What is being asked
Everything in the listing below must be set down again exactly, apart from the pictures.

═════ Task material ═════

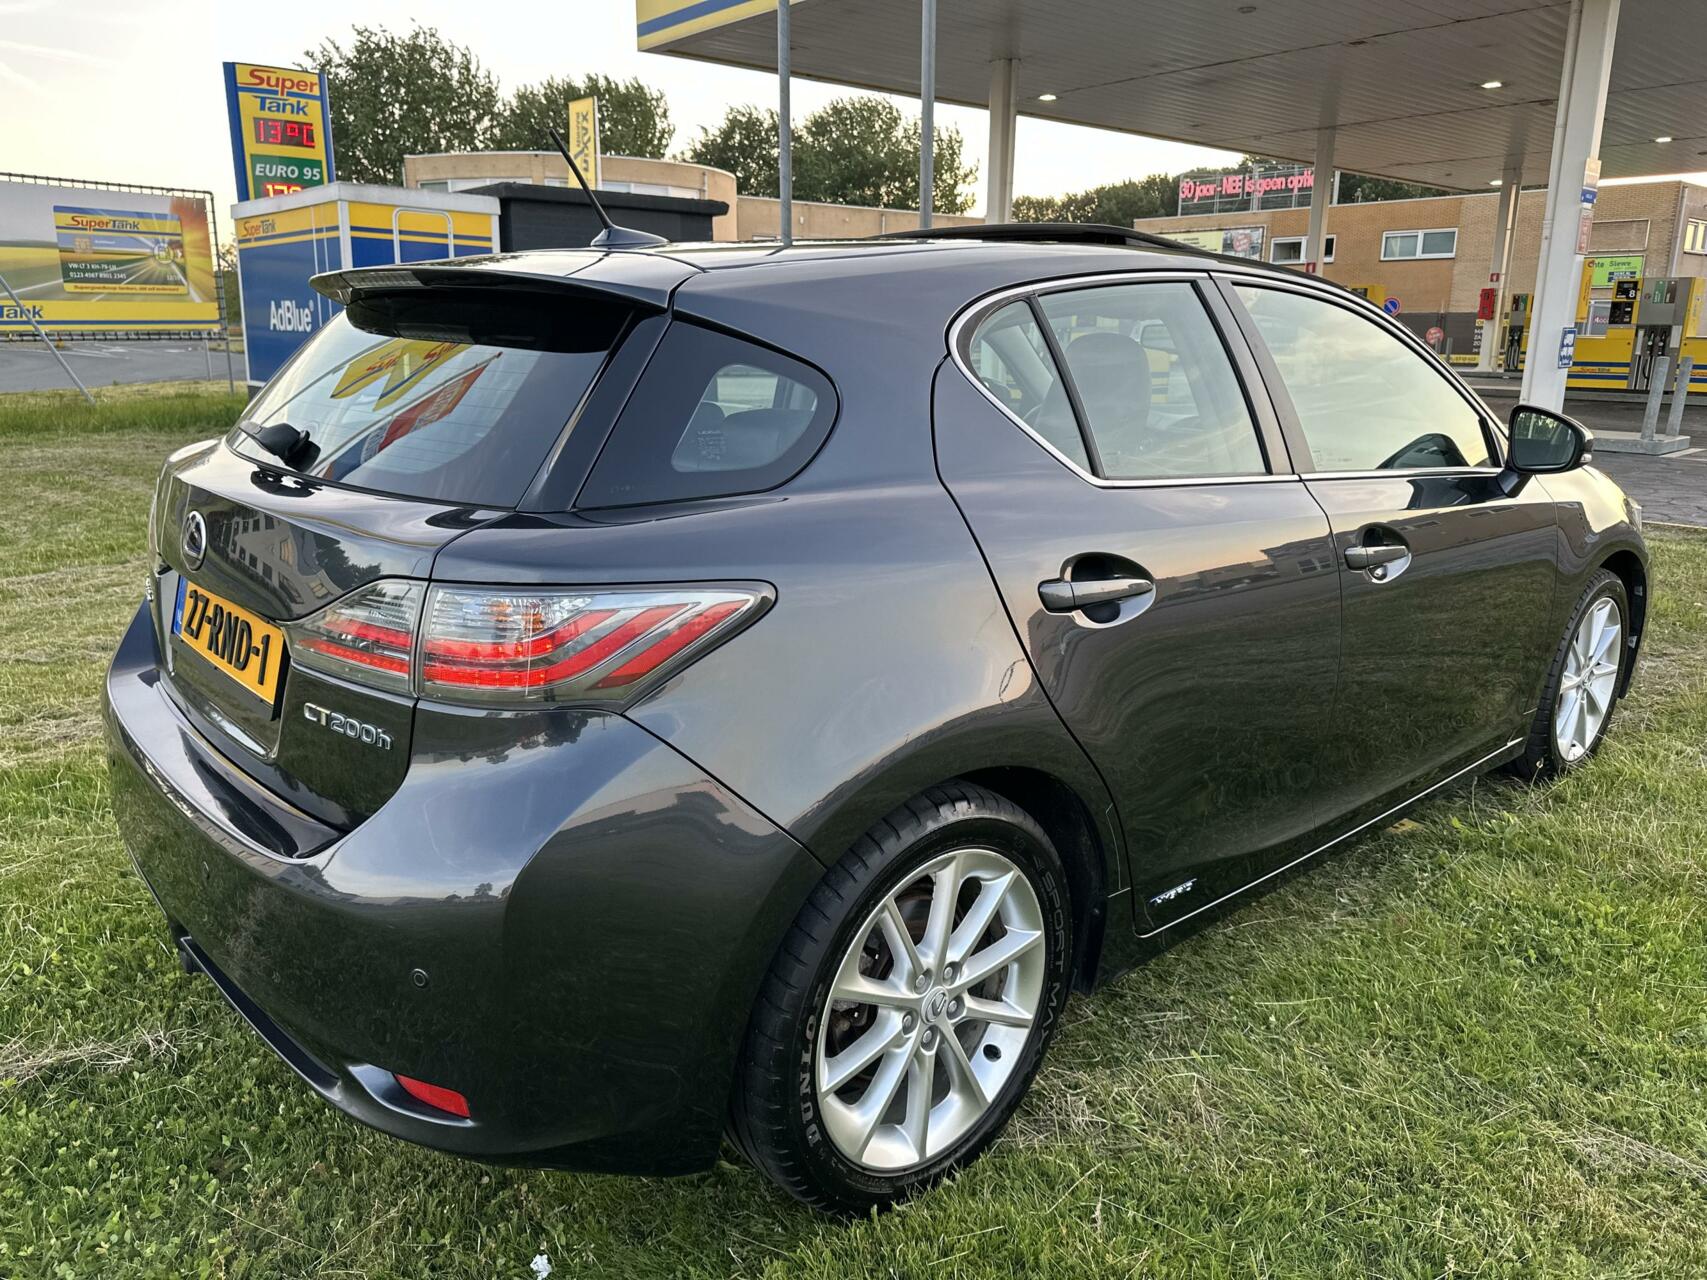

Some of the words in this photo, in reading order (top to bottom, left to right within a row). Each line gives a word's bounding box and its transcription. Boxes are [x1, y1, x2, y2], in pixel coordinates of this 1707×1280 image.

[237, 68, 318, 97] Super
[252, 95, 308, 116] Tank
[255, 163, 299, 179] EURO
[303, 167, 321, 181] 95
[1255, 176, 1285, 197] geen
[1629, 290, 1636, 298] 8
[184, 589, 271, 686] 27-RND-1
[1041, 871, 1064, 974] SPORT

═════

Answer to this task
Some of the words in this photo, in reading order (top to bottom, left to right within a row). Each line gives a word's bounding box and its transcription. Boxes are [x1, y1, x2, y2], in pixel coordinates of this 1707×1280 image.

[237, 68, 318, 97] Super
[252, 95, 308, 116] Tank
[255, 163, 299, 179] EURO
[303, 167, 321, 181] 95
[1255, 176, 1285, 197] geen
[1629, 290, 1636, 298] 8
[184, 589, 271, 686] 27-RND-1
[1041, 871, 1064, 974] SPORT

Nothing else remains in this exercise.